**Exercise directions:** Write the data out in full and word for word. Do not include images.

[Records from a dataset]
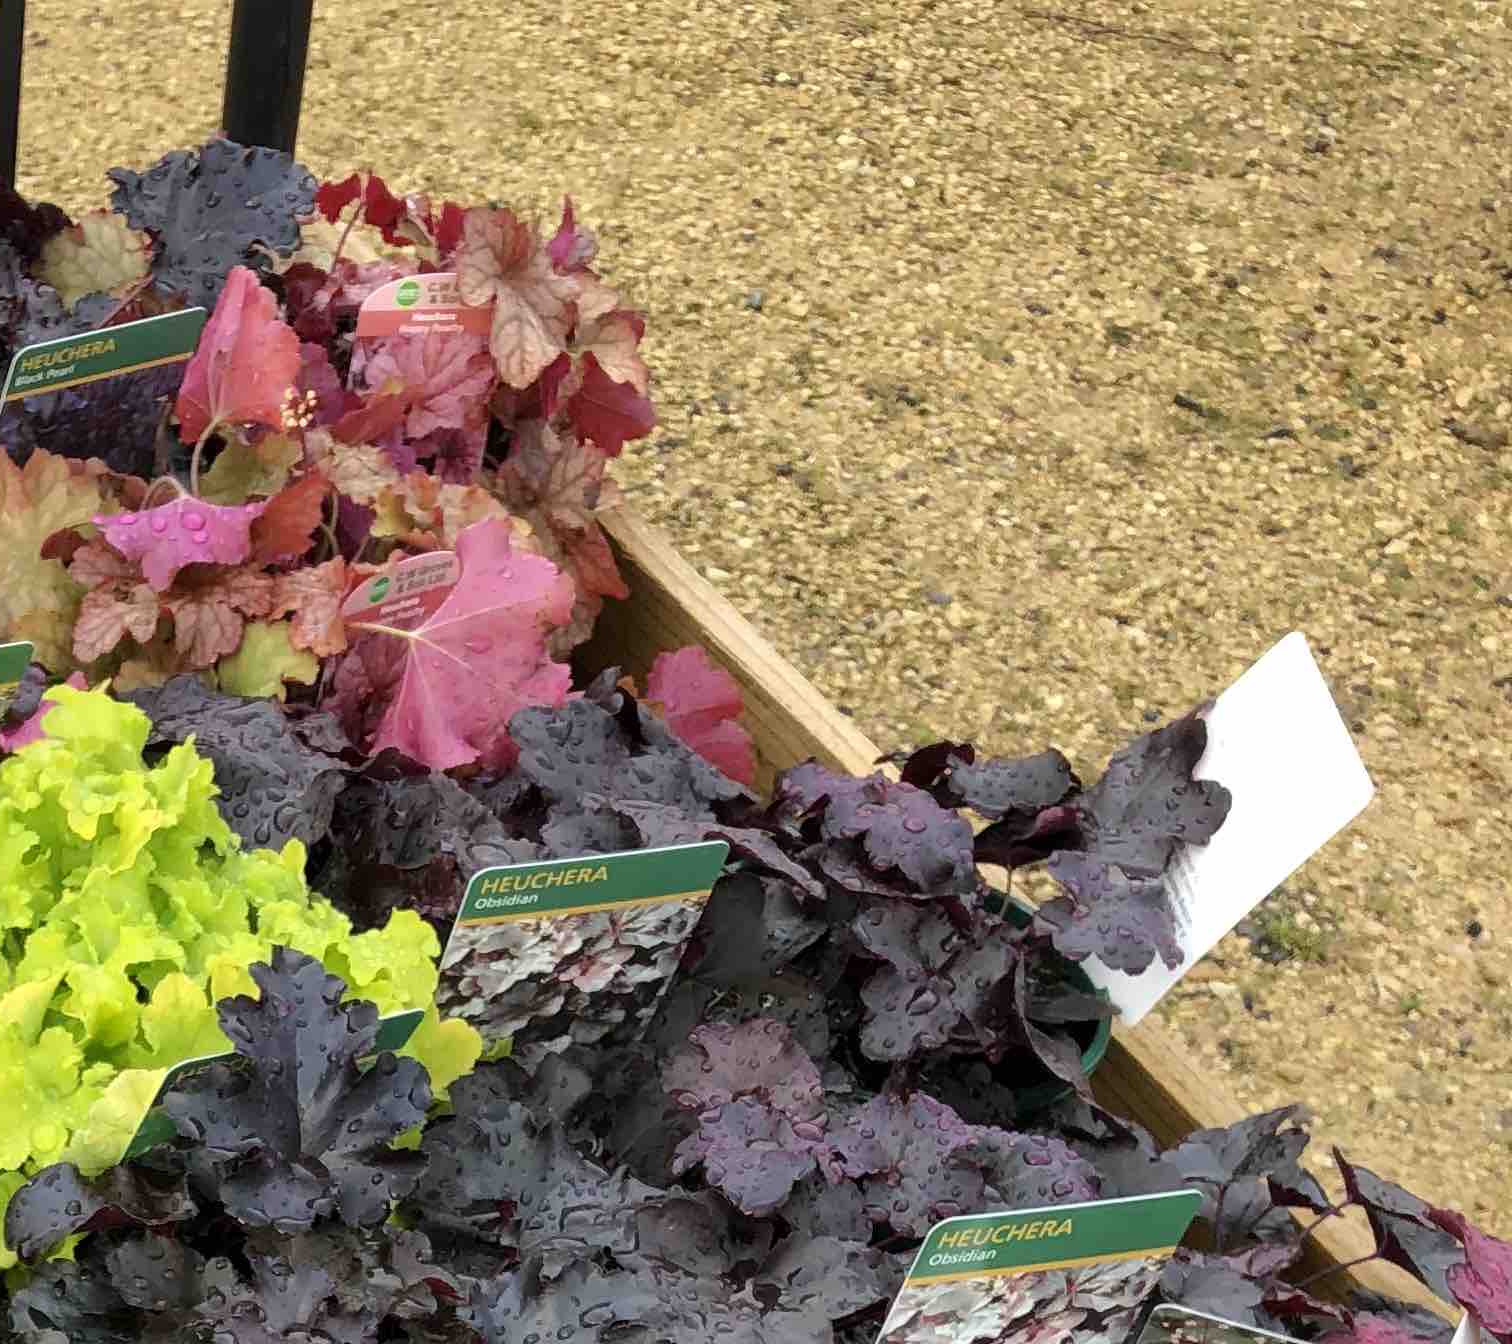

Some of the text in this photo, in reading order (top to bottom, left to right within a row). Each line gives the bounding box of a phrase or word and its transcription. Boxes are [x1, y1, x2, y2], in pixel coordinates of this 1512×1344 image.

[20, 337, 116, 371] HEUCHERA
[480, 864, 609, 896] HEUCHERA
[473, 893, 540, 911] Obsidian
[937, 1218, 1074, 1249] HEUCHERA
[928, 1247, 998, 1267] Obsidian
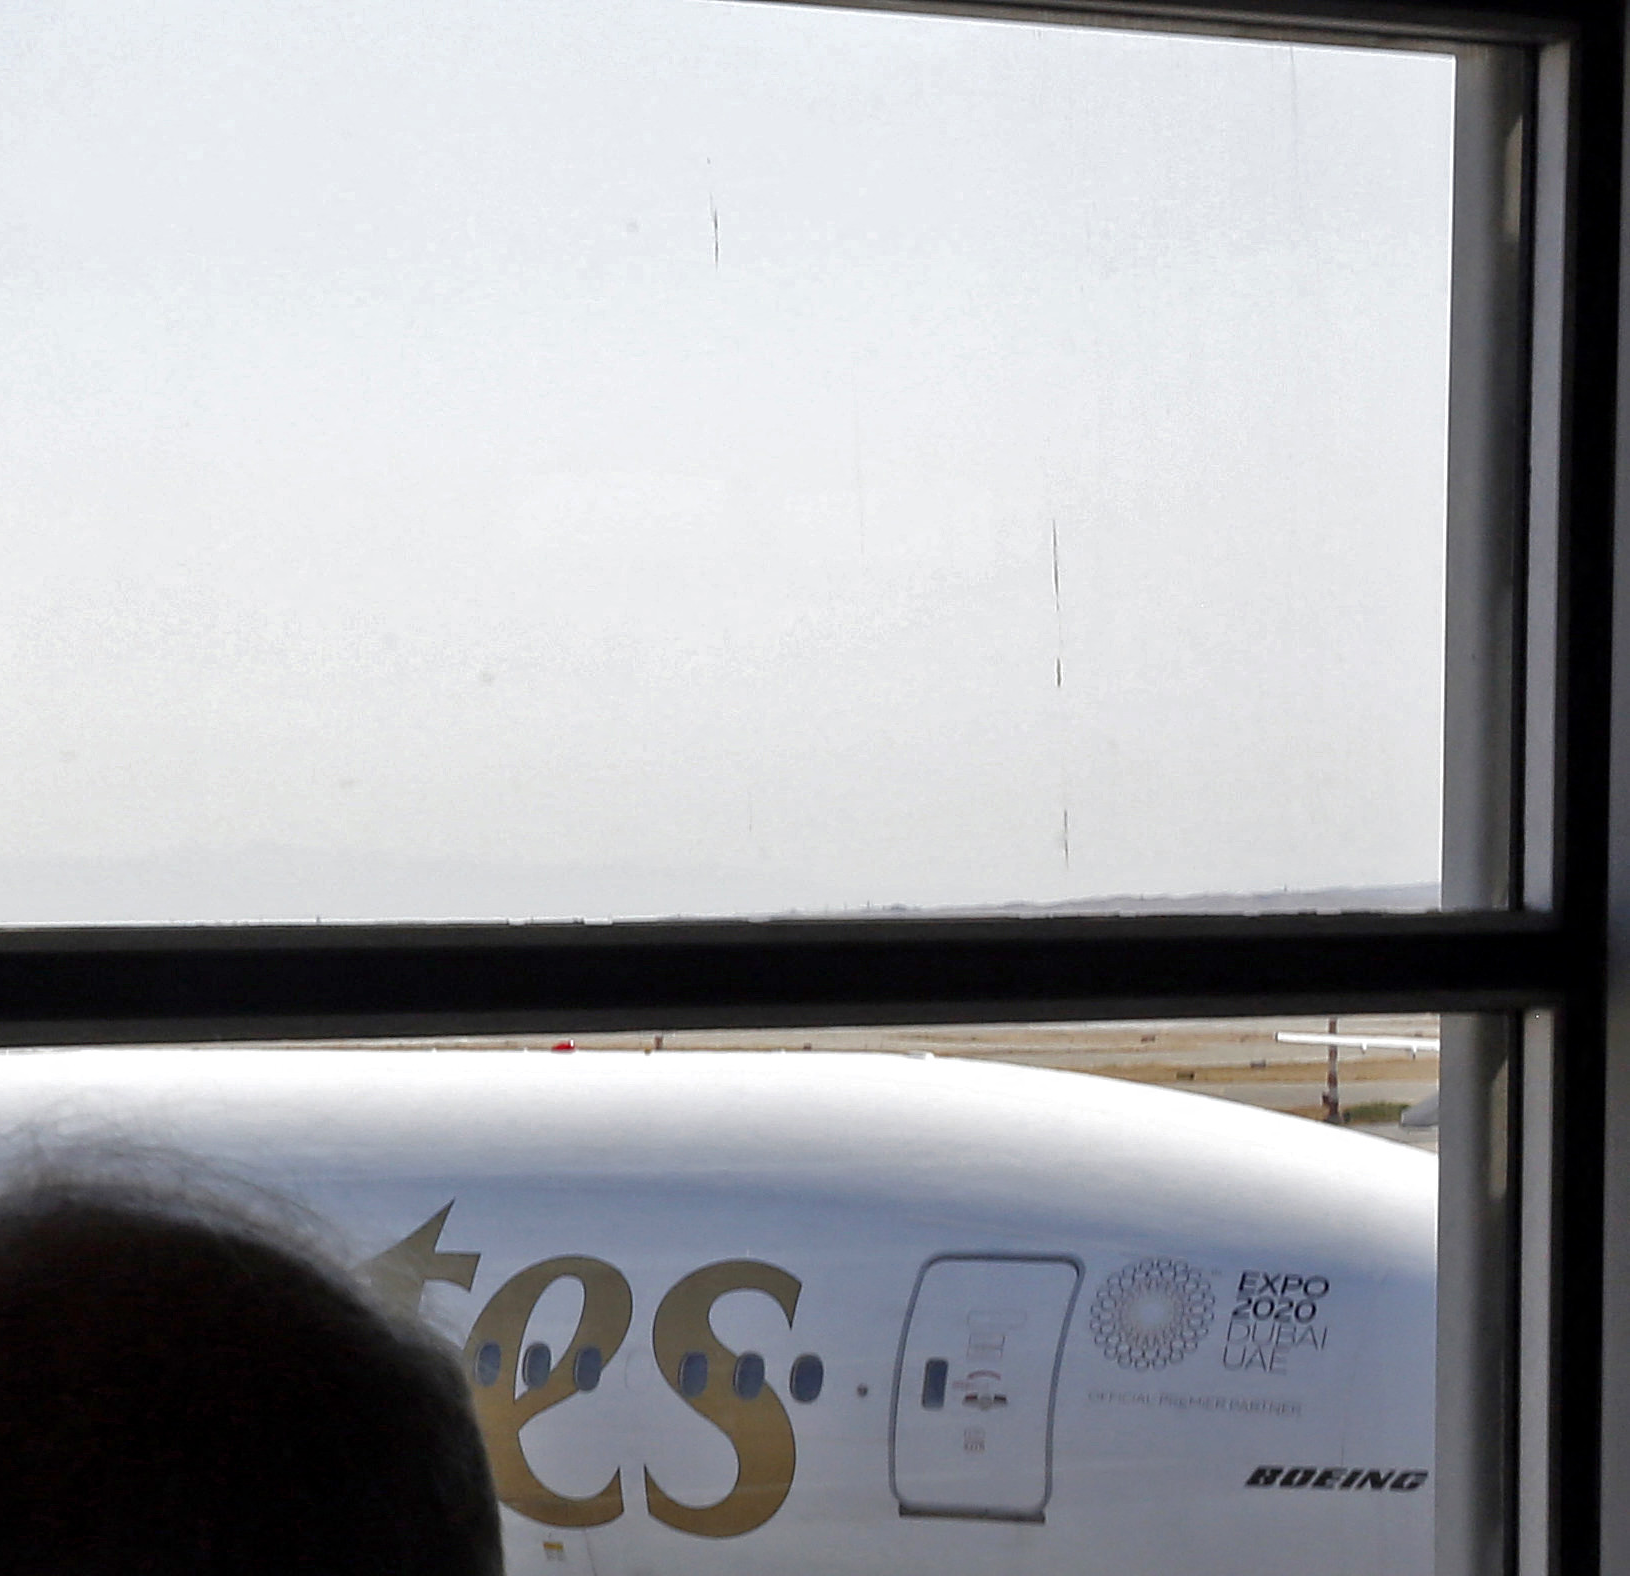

**Written reply:**
Some of the text in this photo, in reading order (top to bottom, left to right within a row). Each line gives the bounding box of a phrase or word and its transcription. Boxes are [x1, y1, x2, y2], in pixel coordinates of this 1512×1344 image.

[20, 337, 116, 371] HEUCHERA
[480, 864, 609, 896] HEUCHERA
[473, 893, 540, 911] Obsidian
[937, 1218, 1074, 1249] HEUCHERA
[928, 1247, 998, 1267] Obsidian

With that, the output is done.